厚生労働省『人口動態統計』によると、全体の離婚件数における「同居期間20年以上の離婚」は年間4万件にのぼり、年々増加傾向にあります。家庭内で蓄積された不満や、子どもの独立を契機に離婚を決意するケースも多く、当事者の人生に大きな変化をもたらします。今回は、定年日に突然離婚届を突き付けられた男性が、思いがけない“第二の人生”を歩み出すまでの3年間をみていきます。

配当と値上がり益で一気に加速

西田さんは、退職金のうちの1,000万円を、S&P500など米国株のインデックスファンドに分散投資。さらに、高配当株ETFにも資金を割きました。退職前から老後資金について最低限の勉強はしていたものの、実際に大金を動かす決断には、相当な不安もあったといいます。

 

「正直、怖かったですよ。

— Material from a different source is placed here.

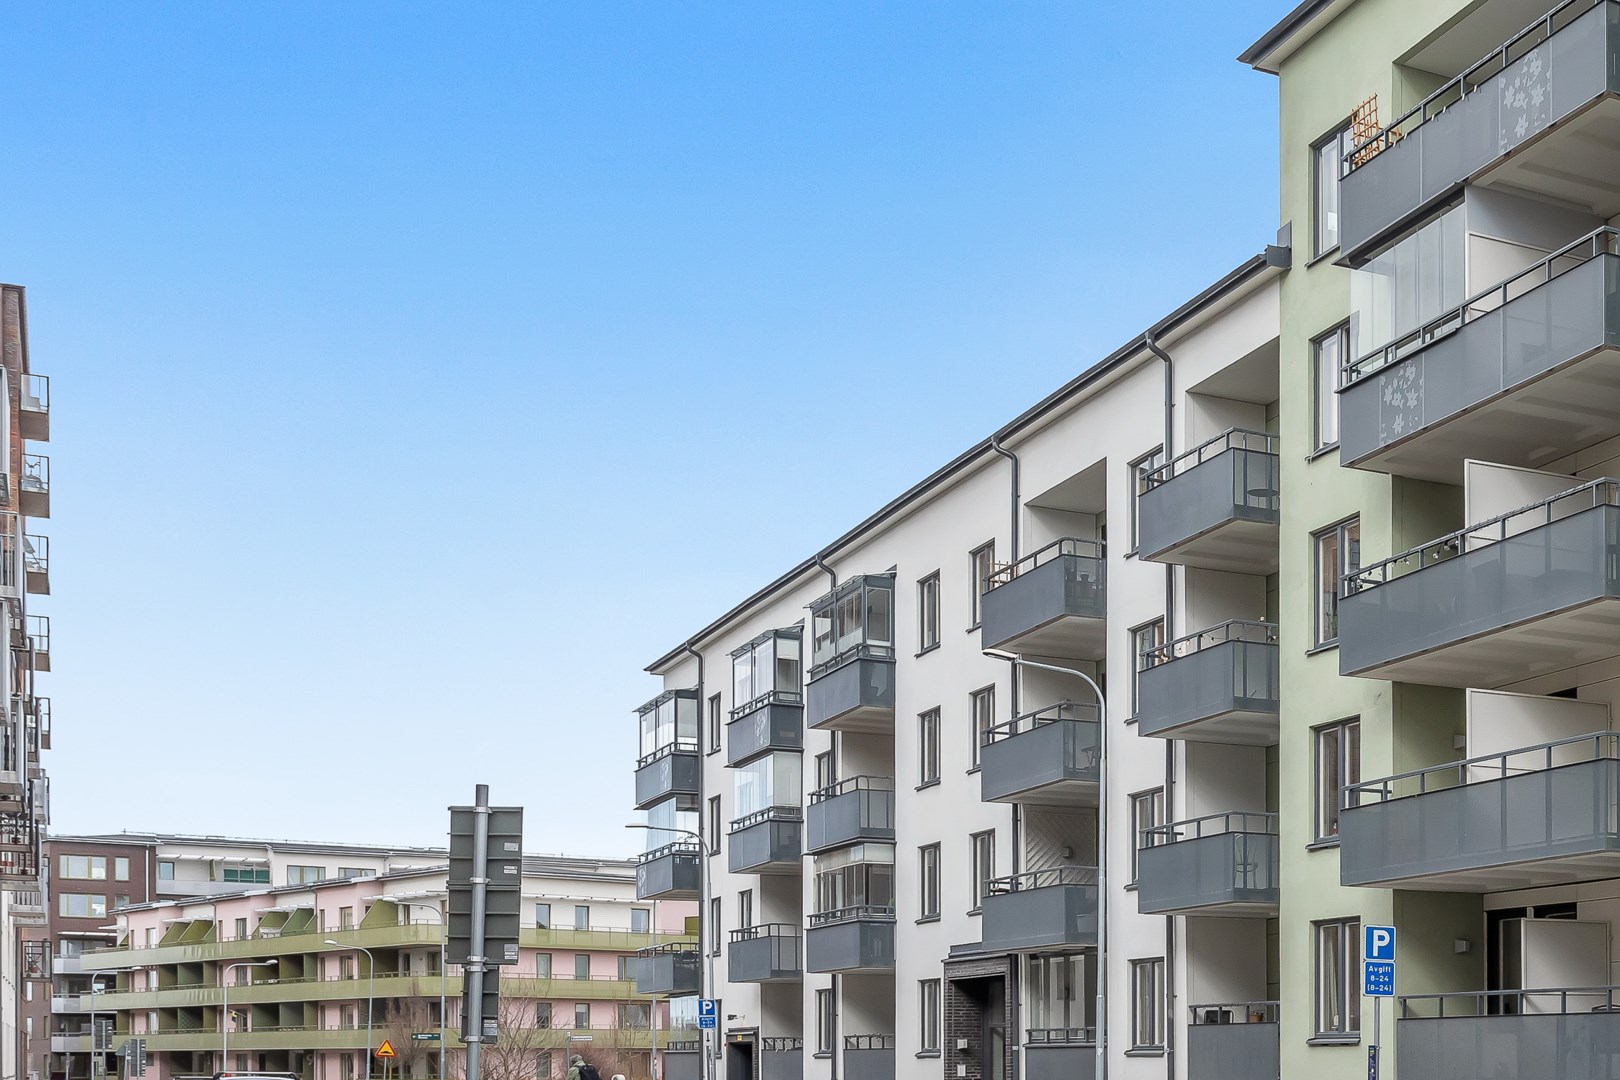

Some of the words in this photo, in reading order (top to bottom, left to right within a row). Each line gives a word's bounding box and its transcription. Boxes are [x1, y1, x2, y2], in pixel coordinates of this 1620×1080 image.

だけど、眠れないようなハイリスクな株には手を出さずに、“世界経済全体に賭ける”気持ちでインデックス投資を選びました」

 

その後、円安の進行と米国株の堅調な回復が追い風となり、配当と含み益が増加。2年後には1,000万円がおよそ1,400万円に。加えて年金月18万円も手堅く受け取っていたため、「使わずに増やす」ペースが加速していきました。

 

「今なら笑って言えますよ。“離婚してくれてありがとう”って。妻には申し訳ないけど、あのまま定年後も“誰かのための人生”を続けていたら、たぶん自分の人生には気づけなかった」

 

総務省『家計調査報告(2024年)』によれば、無職高齢夫婦の月平均支出は約25.6万円。一方、可処分所得は平均22.2万円で、月3.4万円の赤字が生じているというデータもあります。

 

西田さんのように「年金+資産運用+副収入」で暮らす高齢者はまだ少数派かもしれませんが、「生き方を変えれば、収入源も増やせる」ことを体現したケースといえるでしょう。

 

孤独と絶望から始まった第2の人生。けれど、そこには「まだ遅くない」と気づくヒントがありました。